Another institute member, Amyris of Emeryville, is best known for its anti-malarial drug, artemisinin, produced by fermentation and distributed as part of a combination therapy throughout the tropics. But the company also ferments squalene — a cosmetic ingredient normally sourced from sharks — and even markets a 100% plant-based squalene skin cream, Biossance.
Similar companies have sprung up around the country — in particular, in the Boston area — where many are spinoffs from MIT. BioMADE will link the Boston and Bay Area biotech hubs and biotech companies throughout the U.S. with companies such as Cargill and ADM that have experience with large-scale, but simpler, biomanufacturing.
“The San Francisco Bay Area and the Boston area are major biotechnology innovation hubs in the U.S.,” Friedman said. “What we need to do is connect those innovation hubs — which include companies and the universities around them that can make a small amount of anything — with the Cargills of the world that can make a large amount of a small number of things and solidify those connections in order to develop a much greater number of products.”

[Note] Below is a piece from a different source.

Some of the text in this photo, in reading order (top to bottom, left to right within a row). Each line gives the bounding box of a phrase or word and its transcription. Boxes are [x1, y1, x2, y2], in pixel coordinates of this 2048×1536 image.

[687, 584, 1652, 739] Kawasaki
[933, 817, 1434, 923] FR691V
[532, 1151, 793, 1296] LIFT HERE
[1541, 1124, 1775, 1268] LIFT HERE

One of the molecules DoD is interested in is resveratrol, an ingredient in red wine that also has fire retardant properties when polymerized, making it of interest in the electronics industry. The the food-grade version of resveratrol now available — used mainly in dietary supplements — is too expensive to serve as a polymer source. Bio-based resveratrol would be cheaper and easier to make.
“Bridging the gap between lab-scale and at-scale manufacturing, BioMADE brings together companies, universities, national labs and government to strengthen America’s bioeconomy,” said Friedman.
He noted that UC Berkeley’s long history of research and innovation in engineering biology/synthetic biology allowed the EBRC to assemble the consortium in a way that will benefit a huge array of companies, as well as the country’s workforce and national security.
“We, at EBRC, could not have led this team without the critical insights and involvement of our partner institutions and their commitment to the vision of a thriving public-private solution to advance domestic biomanufacturing,” said Friedman. “Turning to the future, we look forward to an inclusive and comprehensive ecosystem of institutions across the country, unified with the goal of advancing U.S. biomanufacturing capabilities, creating products that are as high performing as they are environmentally sustainable.”